ABOUT THIS TASK: Omit the pictures, then write out every entry exactly as it reads.

TASK INPUTS:
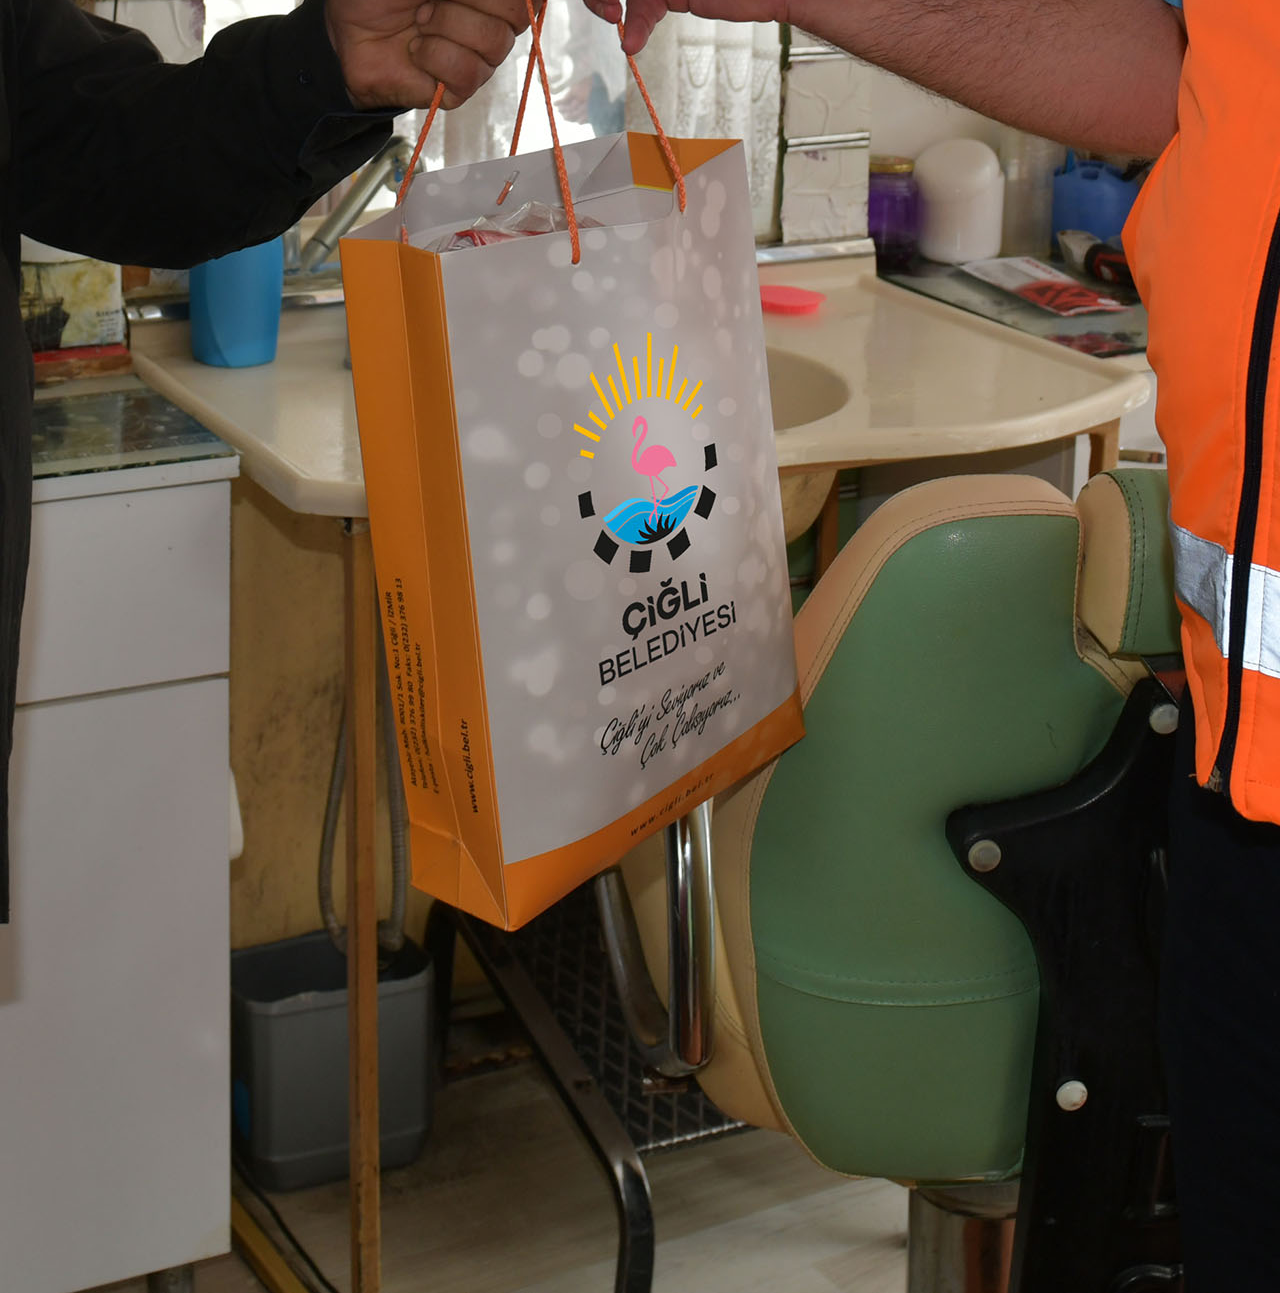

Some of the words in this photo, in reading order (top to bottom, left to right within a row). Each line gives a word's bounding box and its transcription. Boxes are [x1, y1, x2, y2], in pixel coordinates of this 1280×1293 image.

[399, 604, 407, 621] 376
[401, 623, 411, 653] 0(232)
[622, 572, 709, 641] ÇİĞLİ
[598, 600, 737, 686] BELEDİYESİ
[656, 672, 711, 718] Seviyoruz
[712, 661, 726, 681] ve
[461, 718, 479, 814] www.cigli.bel.tr
[630, 772, 715, 837] www.cigli.bel.tr

EXERCISE SOLUTION:
Some of the words in this photo, in reading order (top to bottom, left to right within a row). Each line gives a word's bounding box and its transcription. Boxes are [x1, y1, x2, y2], in pixel coordinates of this 1280×1293 image.

[399, 604, 407, 621] 376
[401, 623, 411, 653] 0(232)
[622, 572, 709, 641] ÇİĞLİ
[598, 600, 737, 686] BELEDİYESİ
[656, 672, 711, 718] Seviyoruz
[712, 661, 726, 681] ve
[461, 718, 479, 814] www.cigli.bel.tr
[630, 772, 715, 837] www.cigli.bel.tr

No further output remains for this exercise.